David A.R. White: Pastor Dave Hill

Photos 

Quotes 

  • Rev. Dave : If we sit by and do nothing, the pressure that we're feeling today will mean persecution tomorrow. We're at war.

  • Reverend Jude : David, are you okay?

    Rev. Dave : Um, terrific. There was a young man in here, brilliant kid, with no exposure to Scripture until a few months ago. He came in with some questions. 147 of 'em, to be exact. I feel like I've been hit by a truck loaded with Bibles. Big heavy ones with those thick covers.

    Reverend Jude : [laughing]  Always be ready to give answer as to why you believe and the reason for your hope.

    Rev. Dave : 1 Peter, chapter 3, verse 15.

    Reverend Jude : Yes.

    Rev. Dave : And where were you four hours ago?

  • Martin Yip : Are you Pastor Dave?

    Rev. Dave : I am.

    Martin Yip : I'm Martin Yip.

    Rev. Dave : Nice to meet you.

    Martin Yip : My friend Josh Wheaton said you might be able to answer my questions about God.

    Rev. Dave : Well, that definitely falls within my job description.

    [Martin takes out a notebook] 

    Rev. Dave : How many questions have you got?

    Martin Yip : So far, 147.

    [Dave starts to laugh] 

    Martin Yip : I-Is something wrong?

    Rev. Dave : No.

    Martin Yip : Josh encouraged me to write them down and be as comprehensive as possible.

    Rev. Dave : Of course he did. Well, I'll have to thank him next time I see him. Come on. So, what's your first question?

  • Reverend Jude : [watching a political program discussing the trial]  Now I understand what it is you weren't allowed to talk about.

    Rev. Dave : Hmm.
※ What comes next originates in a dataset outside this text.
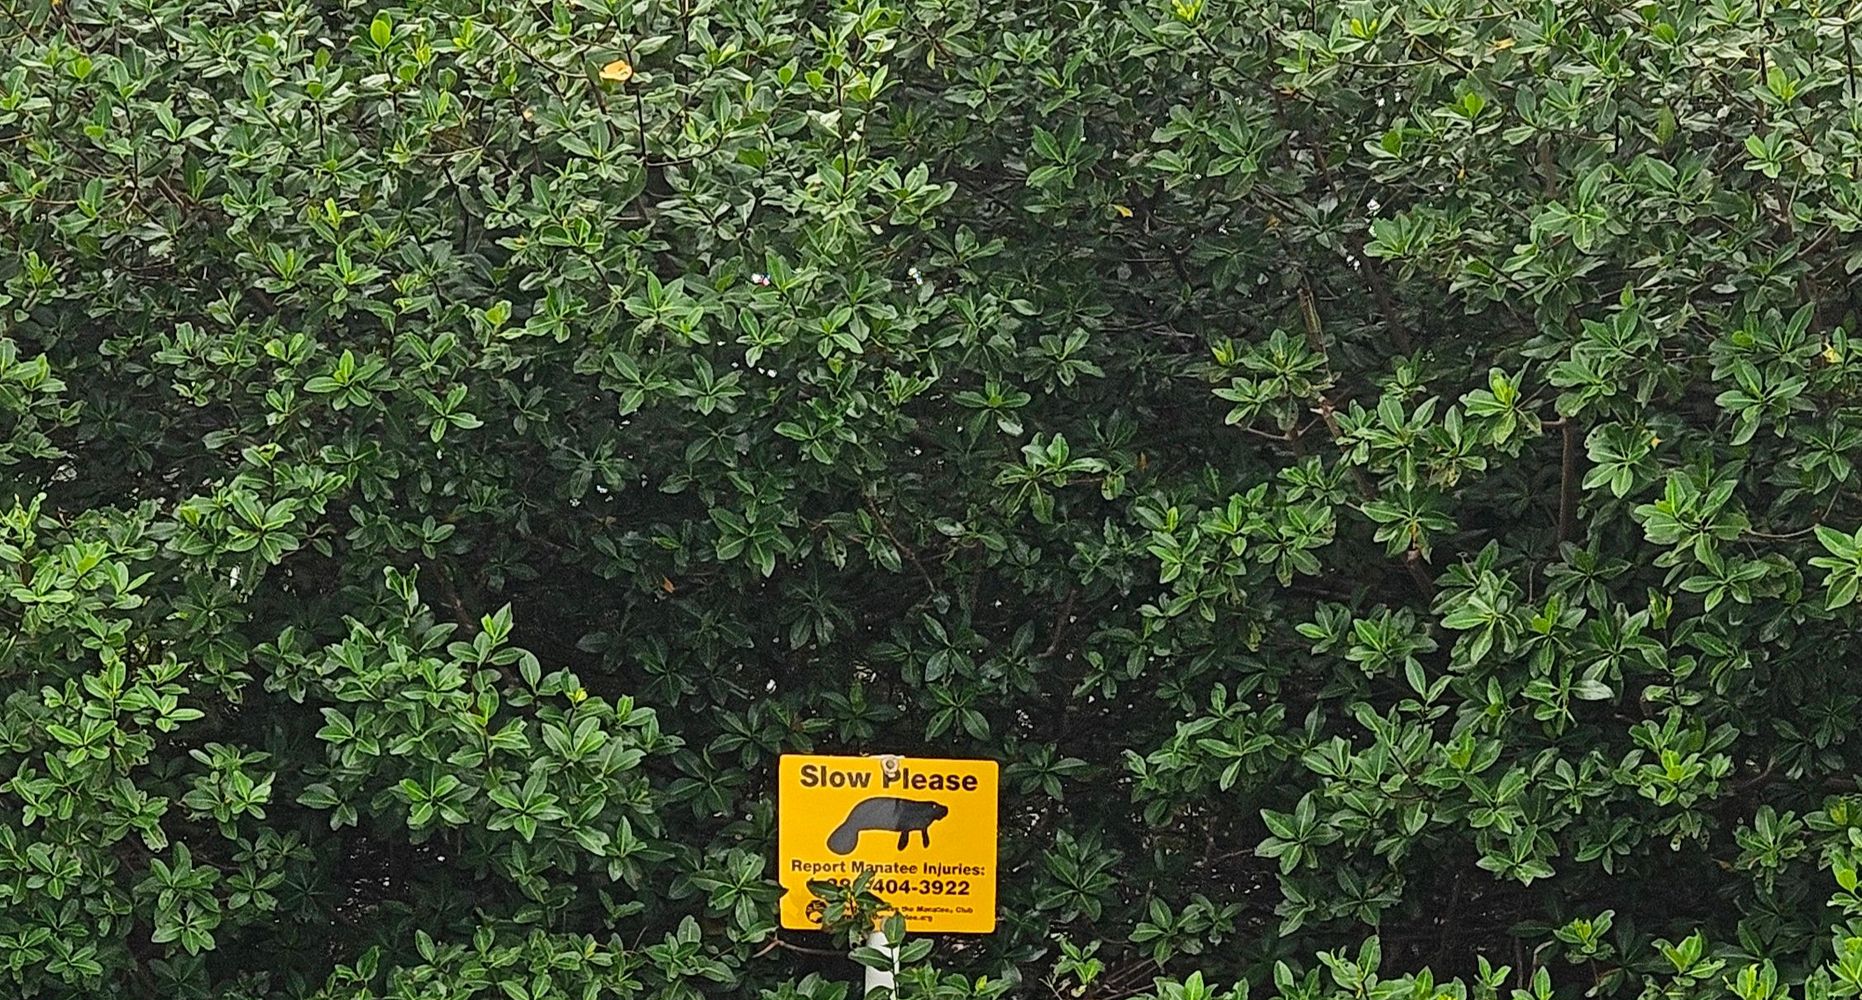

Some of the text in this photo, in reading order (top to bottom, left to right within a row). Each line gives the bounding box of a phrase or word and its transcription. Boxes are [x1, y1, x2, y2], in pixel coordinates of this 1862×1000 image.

[800, 764, 978, 791] Slow Please
[791, 859, 985, 877] Report Manatee Injuries:
[955, 906, 974, 914] Club
I wish I still wasn't allowed to talk about it. She needs me on that jury.

    Reverend Jude : Have faith, David. God's plan is at work.

    Rev. Dave : How'd you get here, anyway?

    Reverend Jude : [chuckling]  I borrowed your Prius. It's very nice.

    Rev. Dave : Yeah, don't get too comfortable. I'm planning a full recovery.

  • Reverend Jude : David, why are you always so sad?

    Rev. Dave : Hey! You're back! Why are you back?

    Reverend Jude : My pastor gave me permission to finish my doctorate at Hadleigh, so if that's okay with you, I'm gonna be here for a while.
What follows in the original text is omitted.